## Work order
Repeat every line of the data exactly; no picture belongs in the copy.

Saved data entries
=== Begin Enclosure ===

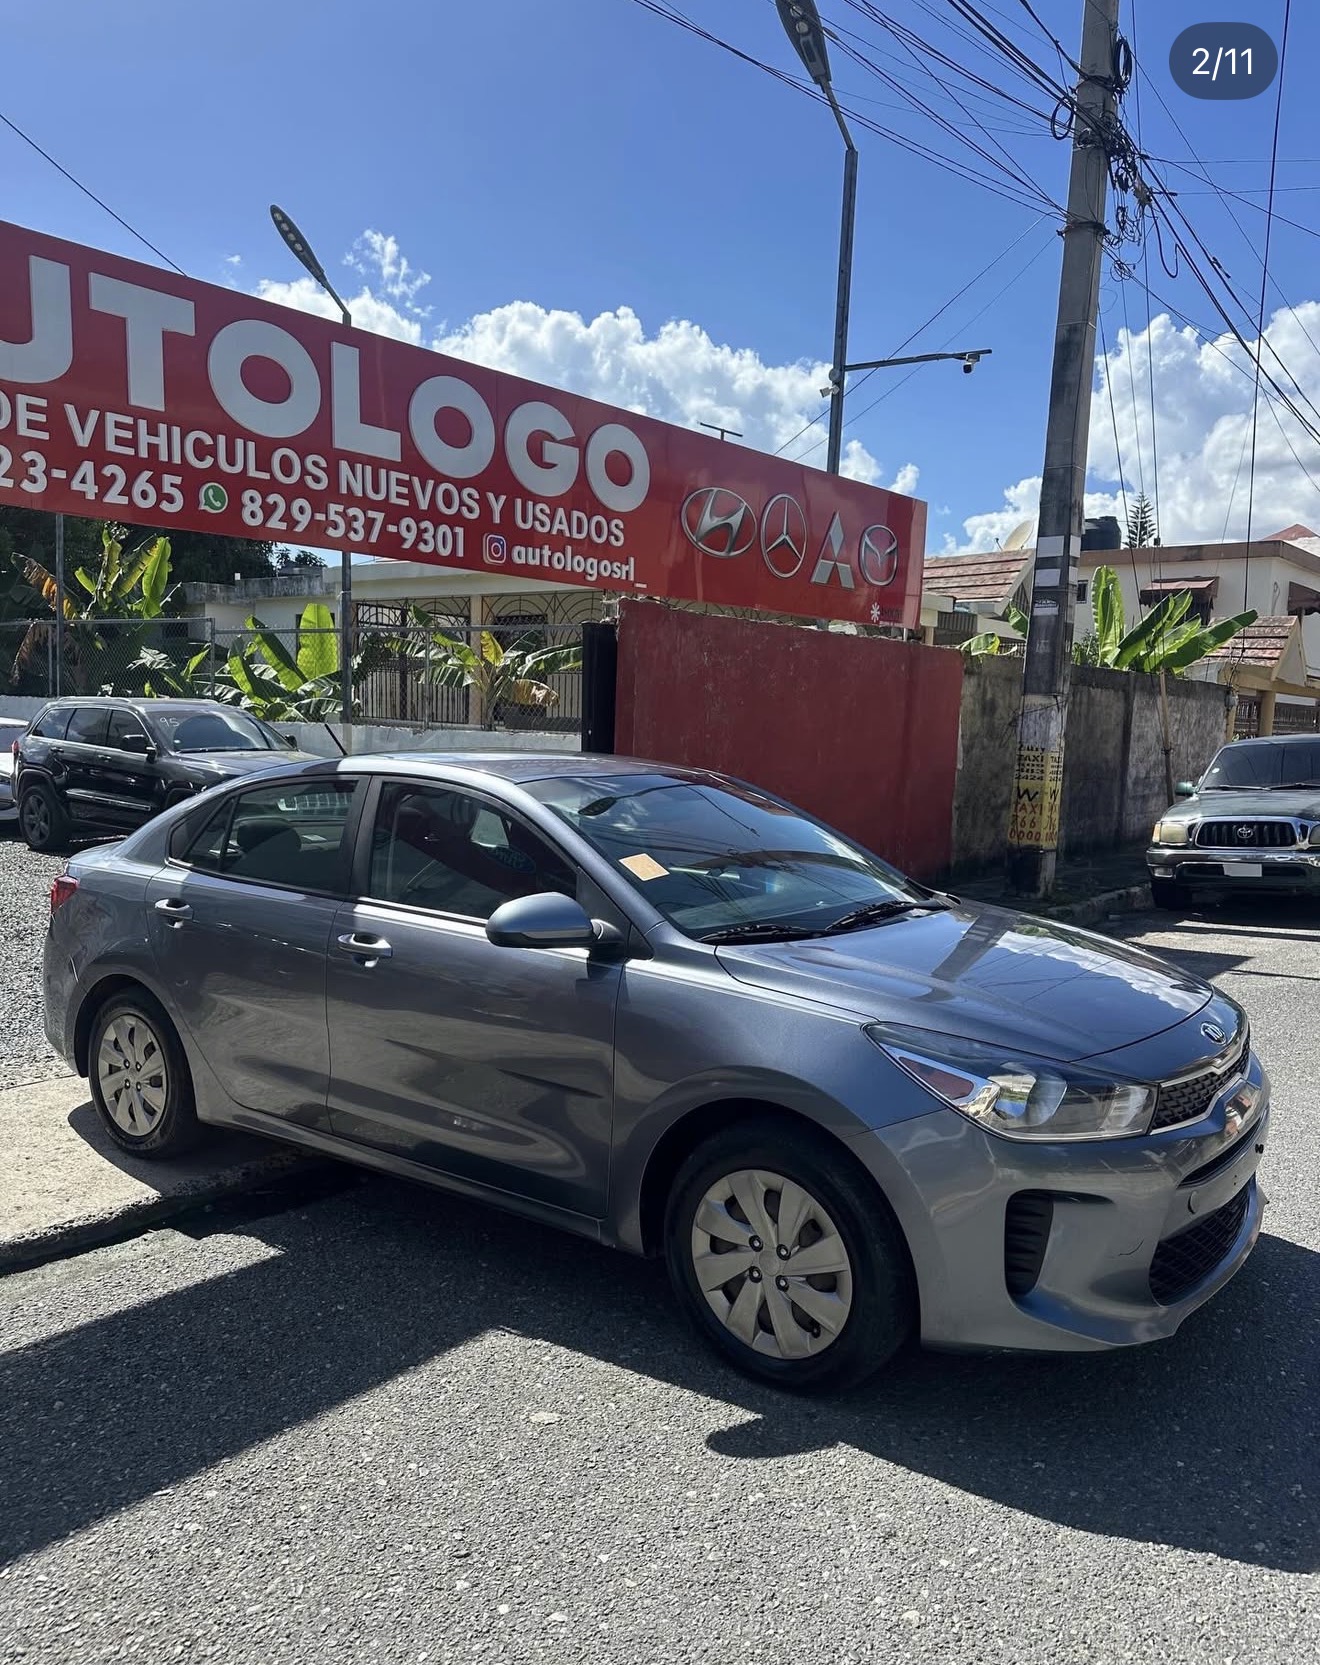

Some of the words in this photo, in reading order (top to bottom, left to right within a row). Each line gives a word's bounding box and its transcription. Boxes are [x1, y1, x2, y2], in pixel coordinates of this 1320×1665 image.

[64, 403, 329, 490] VEHICULOS
[339, 460, 480, 520] NUEVOS
[486, 491, 506, 524] Y
[514, 498, 625, 547] USADOS
[241, 488, 465, 558] 829-537-9301
[160, 717, 180, 727] 95
[1016, 753, 1044, 763] TAXI
[1017, 786, 1039, 802] W
[1014, 802, 1043, 816] TAXI

=== End Enclosure ===

## Exercise output
Some of the words in this photo, in reading order (top to bottom, left to right within a row). Each line gives a word's bounding box and its transcription. Boxes are [x1, y1, x2, y2], in pixel coordinates of this 1320×1665 image.

[64, 403, 329, 490] VEHICULOS
[339, 460, 480, 520] NUEVOS
[486, 491, 506, 524] Y
[514, 498, 625, 547] USADOS
[241, 488, 465, 558] 829-537-9301
[160, 717, 180, 727] 95
[1016, 753, 1044, 763] TAXI
[1017, 786, 1039, 802] W
[1014, 802, 1043, 816] TAXI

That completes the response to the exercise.